▶ Input data
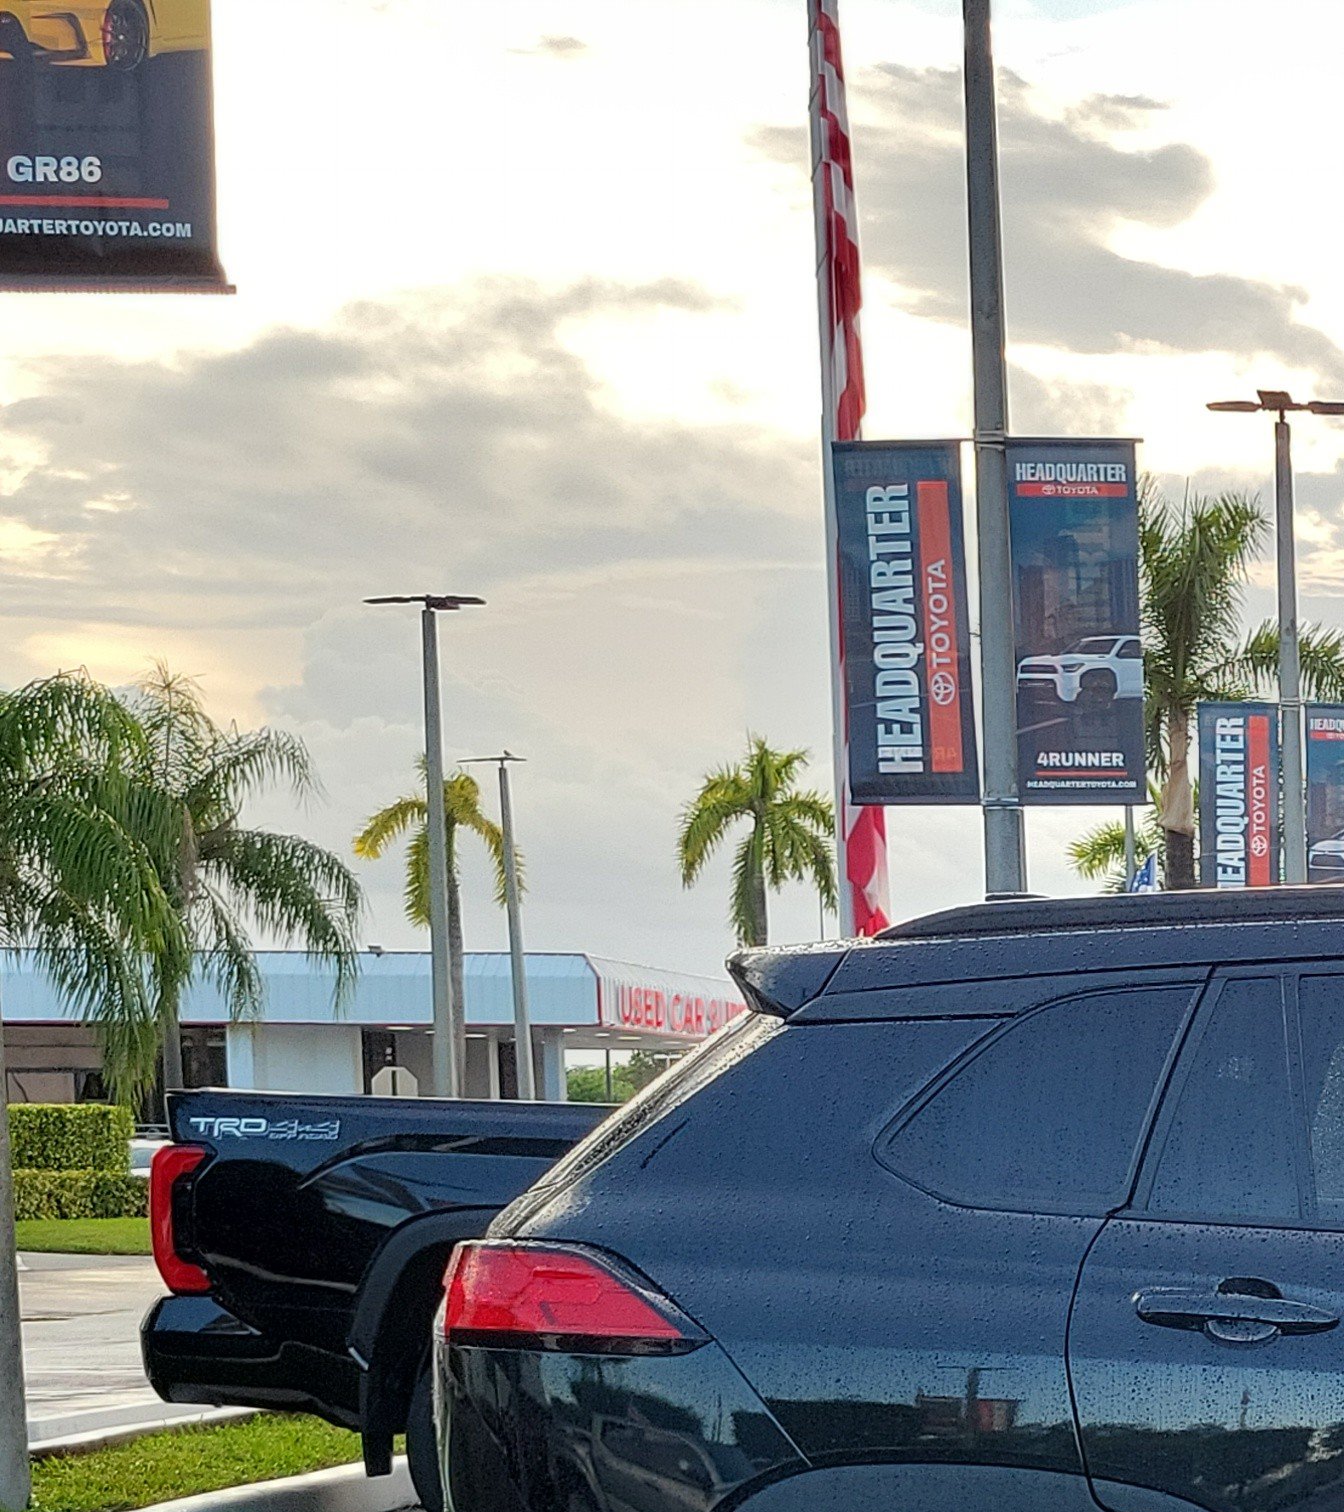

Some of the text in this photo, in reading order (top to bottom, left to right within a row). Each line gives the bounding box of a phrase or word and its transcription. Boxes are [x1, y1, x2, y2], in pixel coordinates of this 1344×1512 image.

[7, 156, 102, 183] GR86
[1015, 463, 1126, 483] HEADQUARTER
[1056, 485, 1099, 495] TOYOTA
[929, 559, 951, 666] TOYOTA
[866, 483, 925, 774] HEADQUARTER
[1036, 751, 1125, 767] 4RUNNER
[1253, 765, 1267, 835] TOYOTA
[617, 984, 666, 1028] USED
[669, 993, 705, 1034] CAR
[189, 1117, 268, 1140] TRD

▶ Exercise description
Reproduce the material in full, word for word, and omit the pictures.

▶ Final answer
Some of the text in this photo, in reading order (top to bottom, left to right within a row). Each line gives the bounding box of a phrase or word and its transcription. Boxes are [x1, y1, x2, y2], in pixel coordinates of this 1344×1512 image.

[7, 156, 102, 183] GR86
[1015, 463, 1126, 483] HEADQUARTER
[1056, 485, 1099, 495] TOYOTA
[929, 559, 951, 666] TOYOTA
[866, 483, 925, 774] HEADQUARTER
[1036, 751, 1125, 767] 4RUNNER
[1253, 765, 1267, 835] TOYOTA
[617, 984, 666, 1028] USED
[669, 993, 705, 1034] CAR
[189, 1117, 268, 1140] TRD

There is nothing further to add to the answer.